Number of position that avoid at least $1$ row or column is $8\times\begin{pmatrix}12\\8\end{pmatrix}$. This is because there are $8$ choice of which column or row to avoid, and once that is chosen, there are $12$ position left to put $8$ points.

Intersection of a set of position that avoid a particular row or column and another of such set is always a set of position that avoid at least 2 row and column.

Number of position that avoid at least $2$ row and column is $2\times\begin{pmatrix}4\\2\end{pmatrix}\begin{pmatrix}8\\8\end{pmatrix}+4\times 4\times\begin{pmatrix}9\\8\end{pmatrix}$. The first term is for when we avoid 2 row or avoid both column. Since the situation is the same for the case of both row and the case of both column, there is a factor of 2, and we only need to consider the case of both row: in that case, we have 2 among the 4 rows we can choose to avoid, which leave us with $8$ position left to put $8$ points. The second term is for when we pick 1 row and 1 column to avoid, then there are 4 choice of column and 4 choice of row, and after that is picked, we are left with $9$ position to put $8$ points.

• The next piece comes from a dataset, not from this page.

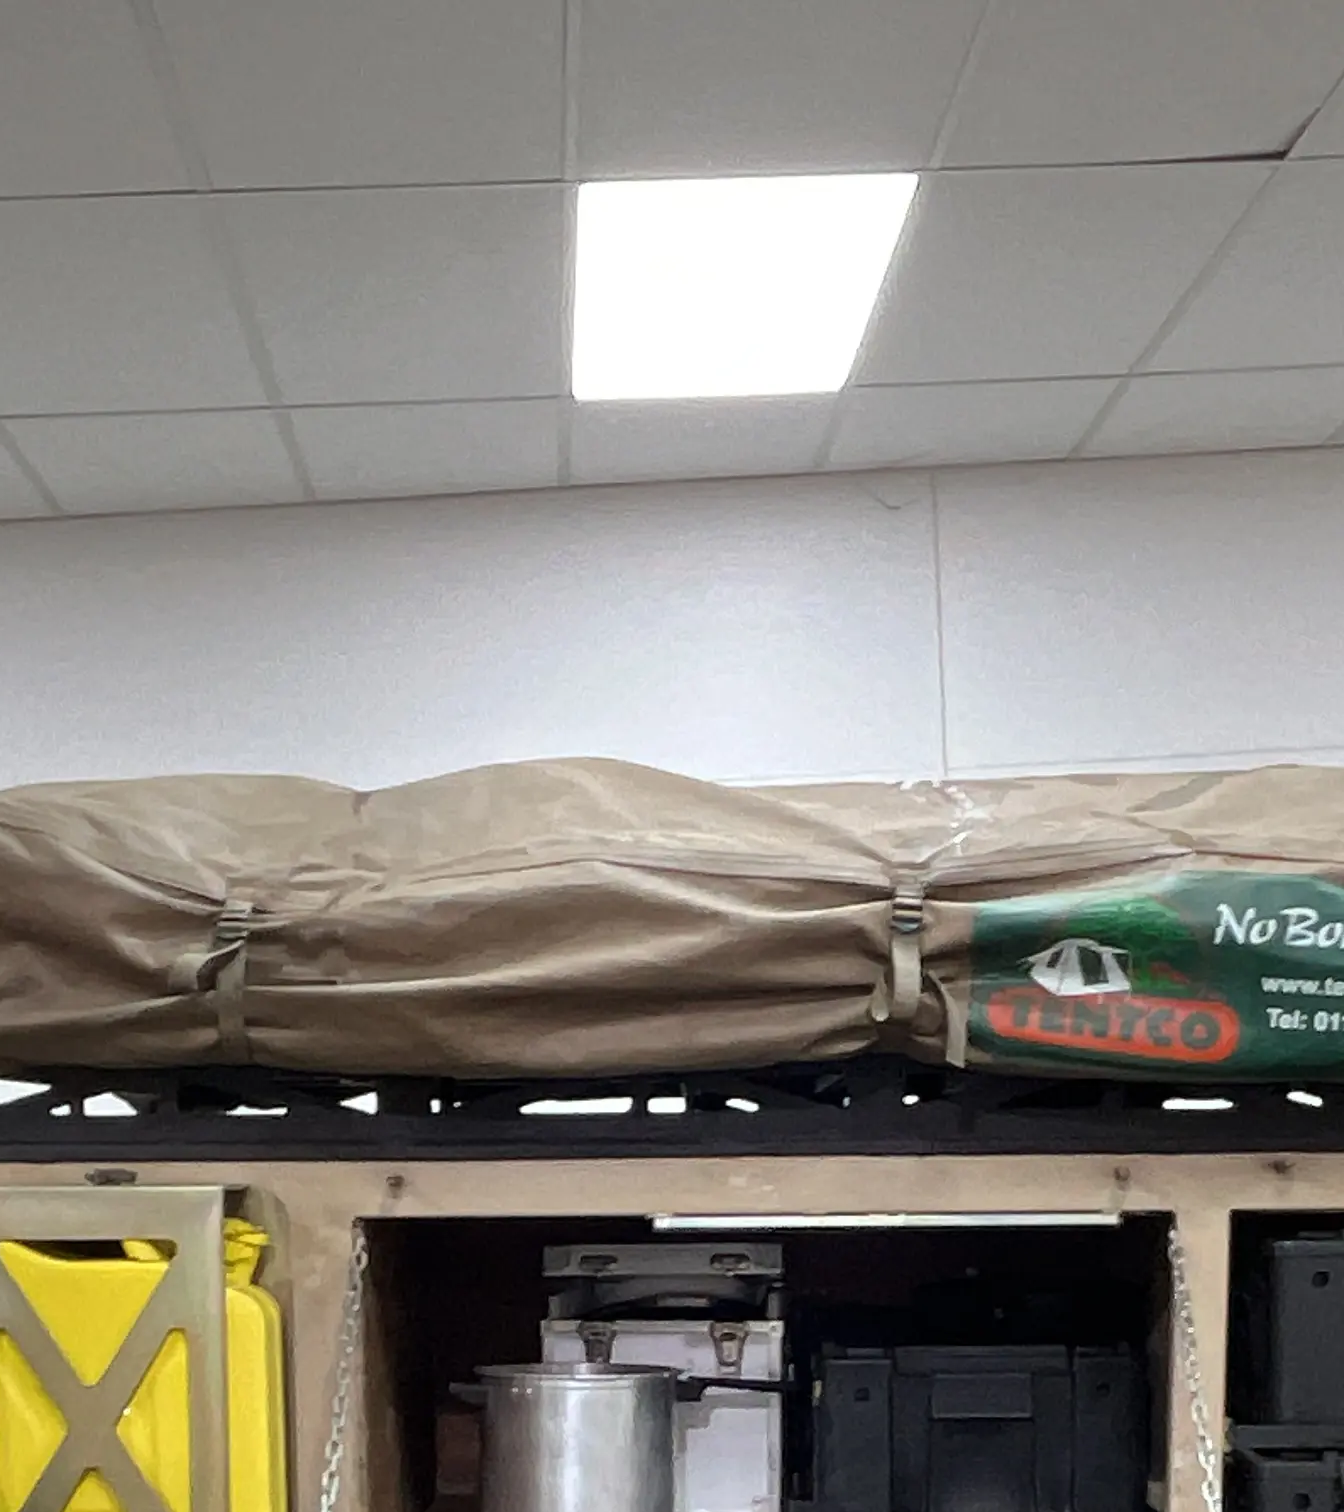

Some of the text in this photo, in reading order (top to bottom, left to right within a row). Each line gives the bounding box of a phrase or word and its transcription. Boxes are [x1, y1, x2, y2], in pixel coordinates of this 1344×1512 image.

[1213, 903, 1277, 945] No
[1009, 994, 1220, 1050] TENTCO
[1266, 1007, 1308, 1030] Tel:
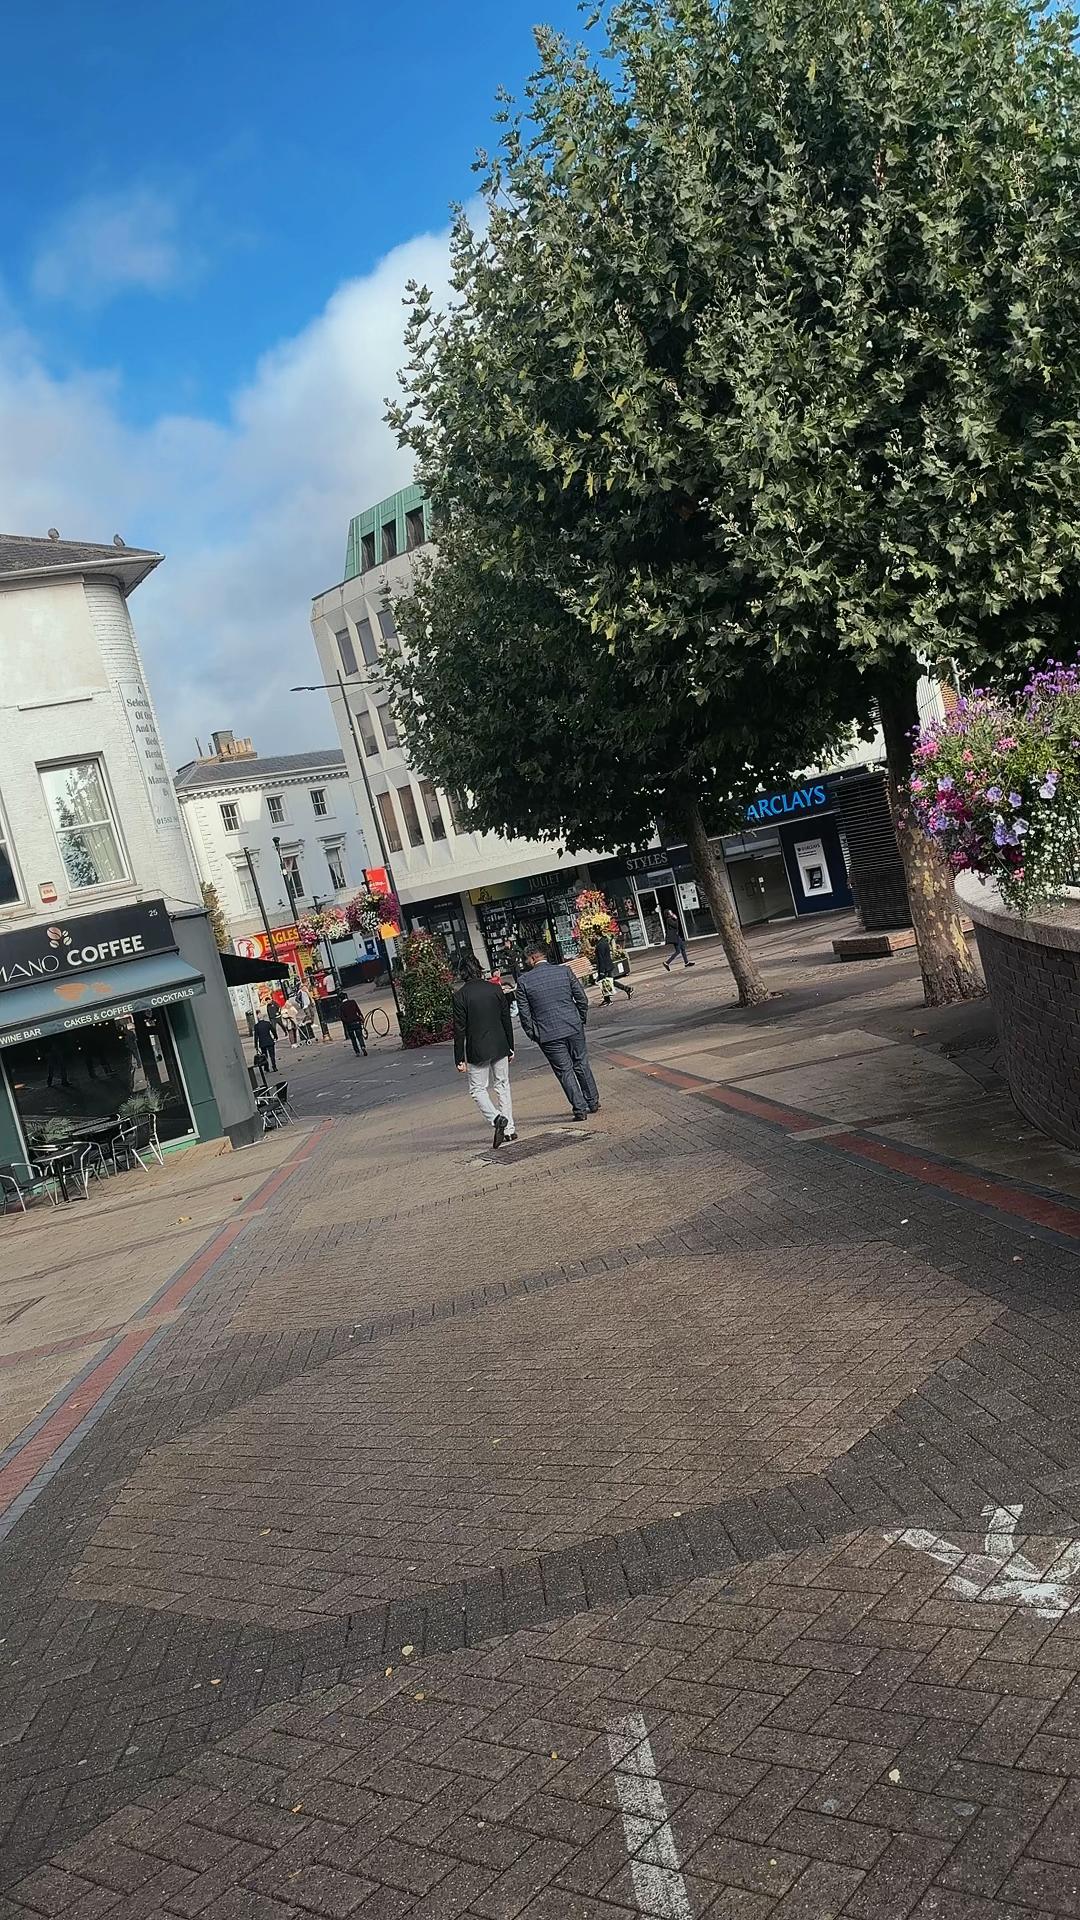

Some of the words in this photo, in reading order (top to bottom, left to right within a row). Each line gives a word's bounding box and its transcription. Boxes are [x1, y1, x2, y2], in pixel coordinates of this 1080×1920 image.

Now use inclusion-exclusion to get number of position that avoid at least 1 row or column to be $8\times\begin{pmatrix}12\\8\end{pmatrix}-2\times\begin{pmatrix}4\\2\end{pmatrix}\begin{pmatrix}8\\8\end{pmatrix}-4\times 4\times\begin{pmatrix}9\\8\end{pmatrix}$.

Number of position ignoring the restriction is $\begin{pmatrix}16\\8\end{pmatrix}$.

Hence total number of allowed position is $\begin{pmatrix}16\\8\end{pmatrix}-8\times\begin{pmatrix}12\\8\end{pmatrix}+2\times\begin{pmatrix}4\\2\end{pmatrix}\begin{pmatrix}8\\8\end{pmatrix}+4\times 4\times\begin{pmatrix}9\\8\end{pmatrix}=\frac{16!}{8!8!}-\frac{12!}{4!7!}+12+144=9066$.